Exercise directions> All of the data below is to be output exactly as written.

------ Material for this task ------

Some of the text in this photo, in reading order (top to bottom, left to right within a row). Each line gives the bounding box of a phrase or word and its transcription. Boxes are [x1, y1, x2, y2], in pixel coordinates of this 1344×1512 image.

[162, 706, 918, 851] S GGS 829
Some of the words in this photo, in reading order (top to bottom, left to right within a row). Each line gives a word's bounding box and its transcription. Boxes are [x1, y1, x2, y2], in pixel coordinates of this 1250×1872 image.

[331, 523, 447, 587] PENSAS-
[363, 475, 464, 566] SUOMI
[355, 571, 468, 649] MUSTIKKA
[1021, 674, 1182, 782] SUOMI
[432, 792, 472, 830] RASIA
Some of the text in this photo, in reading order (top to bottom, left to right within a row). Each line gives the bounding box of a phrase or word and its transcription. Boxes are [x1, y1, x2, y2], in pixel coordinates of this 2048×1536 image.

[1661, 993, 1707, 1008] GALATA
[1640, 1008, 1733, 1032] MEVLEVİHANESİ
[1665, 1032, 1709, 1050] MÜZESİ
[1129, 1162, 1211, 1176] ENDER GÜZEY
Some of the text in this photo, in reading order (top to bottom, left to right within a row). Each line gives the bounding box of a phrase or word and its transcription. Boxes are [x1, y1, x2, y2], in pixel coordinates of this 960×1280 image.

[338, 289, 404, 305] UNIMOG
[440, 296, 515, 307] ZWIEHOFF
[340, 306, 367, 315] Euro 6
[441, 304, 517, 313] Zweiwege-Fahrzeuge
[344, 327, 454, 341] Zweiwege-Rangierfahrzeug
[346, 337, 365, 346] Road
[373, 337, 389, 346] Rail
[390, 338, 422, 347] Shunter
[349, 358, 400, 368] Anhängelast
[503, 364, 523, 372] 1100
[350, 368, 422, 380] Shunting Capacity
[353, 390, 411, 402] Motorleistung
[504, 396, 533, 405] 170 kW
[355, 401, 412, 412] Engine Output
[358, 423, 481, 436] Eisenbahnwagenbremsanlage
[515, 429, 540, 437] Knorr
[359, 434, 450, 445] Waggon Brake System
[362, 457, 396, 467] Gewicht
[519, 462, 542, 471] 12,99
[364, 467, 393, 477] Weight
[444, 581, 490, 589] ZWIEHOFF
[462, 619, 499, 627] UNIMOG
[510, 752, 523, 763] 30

------

Result for this exercise>
Some of the text in this photo, in reading order (top to bottom, left to right within a row). Each line gives the bounding box of a phrase or word and its transcription. Boxes are [x1, y1, x2, y2], in pixel coordinates of this 1344×1512 image.

[162, 706, 918, 851] S GGS 829
Some of the words in this photo, in reading order (top to bottom, left to right within a row). Each line gives a word's bounding box and its transcription. Boxes are [x1, y1, x2, y2], in pixel coordinates of this 1250×1872 image.

[331, 523, 447, 587] PENSAS-
[363, 475, 464, 566] SUOMI
[355, 571, 468, 649] MUSTIKKA
[1021, 674, 1182, 782] SUOMI
[432, 792, 472, 830] RASIA
Some of the text in this photo, in reading order (top to bottom, left to right within a row). Each line gives the bounding box of a phrase or word and its transcription. Boxes are [x1, y1, x2, y2], in pixel coordinates of this 2048×1536 image.

[1661, 993, 1707, 1008] GALATA
[1640, 1008, 1733, 1032] MEVLEVİHANESİ
[1665, 1032, 1709, 1050] MÜZESİ
[1129, 1162, 1211, 1176] ENDER GÜZEY
Some of the text in this photo, in reading order (top to bottom, left to right within a row). Each line gives the bounding box of a phrase or word and its transcription. Boxes are [x1, y1, x2, y2], in pixel coordinates of this 960×1280 image.

[338, 289, 404, 305] UNIMOG
[440, 296, 515, 307] ZWIEHOFF
[340, 306, 367, 315] Euro 6
[441, 304, 517, 313] Zweiwege-Fahrzeuge
[344, 327, 454, 341] Zweiwege-Rangierfahrzeug
[346, 337, 365, 346] Road
[373, 337, 389, 346] Rail
[390, 338, 422, 347] Shunter
[349, 358, 400, 368] Anhängelast
[503, 364, 523, 372] 1100
[350, 368, 422, 380] Shunting Capacity
[353, 390, 411, 402] Motorleistung
[504, 396, 533, 405] 170 kW
[355, 401, 412, 412] Engine Output
[358, 423, 481, 436] Eisenbahnwagenbremsanlage
[515, 429, 540, 437] Knorr
[359, 434, 450, 445] Waggon Brake System
[362, 457, 396, 467] Gewicht
[519, 462, 542, 471] 12,99
[364, 467, 393, 477] Weight
[444, 581, 490, 589] ZWIEHOFF
[462, 619, 499, 627] UNIMOG
[510, 752, 523, 763] 30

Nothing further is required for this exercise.